(Beginning of Dataset entries)

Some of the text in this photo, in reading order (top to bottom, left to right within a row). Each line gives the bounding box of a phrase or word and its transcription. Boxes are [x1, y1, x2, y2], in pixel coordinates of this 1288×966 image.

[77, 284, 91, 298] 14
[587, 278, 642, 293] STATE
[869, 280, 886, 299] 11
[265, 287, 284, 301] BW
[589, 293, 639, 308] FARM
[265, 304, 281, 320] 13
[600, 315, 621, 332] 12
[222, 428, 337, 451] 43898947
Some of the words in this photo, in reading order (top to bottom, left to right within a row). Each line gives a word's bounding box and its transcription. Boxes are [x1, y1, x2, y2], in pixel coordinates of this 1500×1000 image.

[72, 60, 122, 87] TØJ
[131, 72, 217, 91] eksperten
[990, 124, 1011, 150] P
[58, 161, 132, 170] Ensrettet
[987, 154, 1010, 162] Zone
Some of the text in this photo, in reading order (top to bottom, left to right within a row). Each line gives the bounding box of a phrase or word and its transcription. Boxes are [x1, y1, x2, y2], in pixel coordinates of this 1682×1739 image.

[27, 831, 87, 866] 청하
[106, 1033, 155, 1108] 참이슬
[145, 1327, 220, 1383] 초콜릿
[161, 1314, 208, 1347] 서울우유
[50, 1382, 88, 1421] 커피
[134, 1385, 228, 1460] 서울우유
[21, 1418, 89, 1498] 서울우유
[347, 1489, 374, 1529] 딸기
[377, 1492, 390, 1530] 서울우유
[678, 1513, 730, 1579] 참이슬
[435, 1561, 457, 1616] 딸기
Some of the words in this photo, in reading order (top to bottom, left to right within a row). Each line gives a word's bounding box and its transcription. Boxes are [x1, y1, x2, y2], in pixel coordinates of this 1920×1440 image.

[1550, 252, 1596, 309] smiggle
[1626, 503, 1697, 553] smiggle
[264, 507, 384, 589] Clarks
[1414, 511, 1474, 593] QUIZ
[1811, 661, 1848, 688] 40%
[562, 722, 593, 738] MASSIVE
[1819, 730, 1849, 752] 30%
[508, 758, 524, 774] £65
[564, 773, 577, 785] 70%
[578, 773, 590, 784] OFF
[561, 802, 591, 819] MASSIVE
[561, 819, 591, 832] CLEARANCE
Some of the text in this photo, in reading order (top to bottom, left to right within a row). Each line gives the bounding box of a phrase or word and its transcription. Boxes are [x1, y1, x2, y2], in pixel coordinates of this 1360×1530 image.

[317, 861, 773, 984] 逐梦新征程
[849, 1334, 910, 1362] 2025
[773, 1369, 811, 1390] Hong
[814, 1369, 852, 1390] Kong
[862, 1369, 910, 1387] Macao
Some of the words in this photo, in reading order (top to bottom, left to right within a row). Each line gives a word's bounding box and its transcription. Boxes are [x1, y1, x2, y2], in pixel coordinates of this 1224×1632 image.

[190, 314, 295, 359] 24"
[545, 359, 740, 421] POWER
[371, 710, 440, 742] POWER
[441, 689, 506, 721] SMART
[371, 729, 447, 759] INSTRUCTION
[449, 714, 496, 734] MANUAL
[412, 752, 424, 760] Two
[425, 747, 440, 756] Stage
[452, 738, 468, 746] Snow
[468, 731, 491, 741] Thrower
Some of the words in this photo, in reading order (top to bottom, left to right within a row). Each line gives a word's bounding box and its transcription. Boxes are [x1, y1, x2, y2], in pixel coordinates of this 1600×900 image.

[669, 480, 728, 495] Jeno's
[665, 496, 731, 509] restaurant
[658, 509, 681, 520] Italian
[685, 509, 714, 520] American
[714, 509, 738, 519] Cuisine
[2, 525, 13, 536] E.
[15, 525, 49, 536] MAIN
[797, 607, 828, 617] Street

(End of Dataset entries)

* _What to work on_
So that the data stays intact, repeat all of it exactly.

* _Output for this task_
Some of the text in this photo, in reading order (top to bottom, left to right within a row). Each line gives the bounding box of a phrase or word and its transcription. Boxes are [x1, y1, x2, y2], in pixel coordinates of this 1288×966 image.

[77, 284, 91, 298] 14
[587, 278, 642, 293] STATE
[869, 280, 886, 299] 11
[265, 287, 284, 301] BW
[589, 293, 639, 308] FARM
[265, 304, 281, 320] 13
[600, 315, 621, 332] 12
[222, 428, 337, 451] 43898947
Some of the words in this photo, in reading order (top to bottom, left to right within a row). Each line gives a word's bounding box and its transcription. Boxes are [x1, y1, x2, y2], in pixel coordinates of this 1500×1000 image.

[72, 60, 122, 87] TØJ
[131, 72, 217, 91] eksperten
[990, 124, 1011, 150] P
[58, 161, 132, 170] Ensrettet
[987, 154, 1010, 162] Zone
Some of the text in this photo, in reading order (top to bottom, left to right within a row). Each line gives the bounding box of a phrase or word and its transcription. Boxes are [x1, y1, x2, y2], in pixel coordinates of this 1682×1739 image.

[27, 831, 87, 866] 청하
[106, 1033, 155, 1108] 참이슬
[145, 1327, 220, 1383] 초콜릿
[161, 1314, 208, 1347] 서울우유
[50, 1382, 88, 1421] 커피
[134, 1385, 228, 1460] 서울우유
[21, 1418, 89, 1498] 서울우유
[347, 1489, 374, 1529] 딸기
[377, 1492, 390, 1530] 서울우유
[678, 1513, 730, 1579] 참이슬
[435, 1561, 457, 1616] 딸기
Some of the words in this photo, in reading order (top to bottom, left to right within a row). Each line gives a word's bounding box and its transcription. Boxes are [x1, y1, x2, y2], in pixel coordinates of this 1920×1440 image.

[1550, 252, 1596, 309] smiggle
[1626, 503, 1697, 553] smiggle
[264, 507, 384, 589] Clarks
[1414, 511, 1474, 593] QUIZ
[1811, 661, 1848, 688] 40%
[562, 722, 593, 738] MASSIVE
[1819, 730, 1849, 752] 30%
[508, 758, 524, 774] £65
[564, 773, 577, 785] 70%
[578, 773, 590, 784] OFF
[561, 802, 591, 819] MASSIVE
[561, 819, 591, 832] CLEARANCE
Some of the text in this photo, in reading order (top to bottom, left to right within a row). Each line gives the bounding box of a phrase or word and its transcription. Boxes are [x1, y1, x2, y2], in pixel coordinates of this 1360×1530 image.

[317, 861, 773, 984] 逐梦新征程
[849, 1334, 910, 1362] 2025
[773, 1369, 811, 1390] Hong
[814, 1369, 852, 1390] Kong
[862, 1369, 910, 1387] Macao
Some of the words in this photo, in reading order (top to bottom, left to right within a row). Each line gives a word's bounding box and its transcription. Boxes are [x1, y1, x2, y2], in pixel coordinates of this 1224×1632 image.

[190, 314, 295, 359] 24"
[545, 359, 740, 421] POWER
[371, 710, 440, 742] POWER
[441, 689, 506, 721] SMART
[371, 729, 447, 759] INSTRUCTION
[449, 714, 496, 734] MANUAL
[412, 752, 424, 760] Two
[425, 747, 440, 756] Stage
[452, 738, 468, 746] Snow
[468, 731, 491, 741] Thrower
Some of the words in this photo, in reading order (top to bottom, left to right within a row). Each line gives a word's bounding box and its transcription. Boxes are [x1, y1, x2, y2], in pixel coordinates of this 1600×900 image.

[669, 480, 728, 495] Jeno's
[665, 496, 731, 509] restaurant
[658, 509, 681, 520] Italian
[685, 509, 714, 520] American
[714, 509, 738, 519] Cuisine
[2, 525, 13, 536] E.
[15, 525, 49, 536] MAIN
[797, 607, 828, 617] Street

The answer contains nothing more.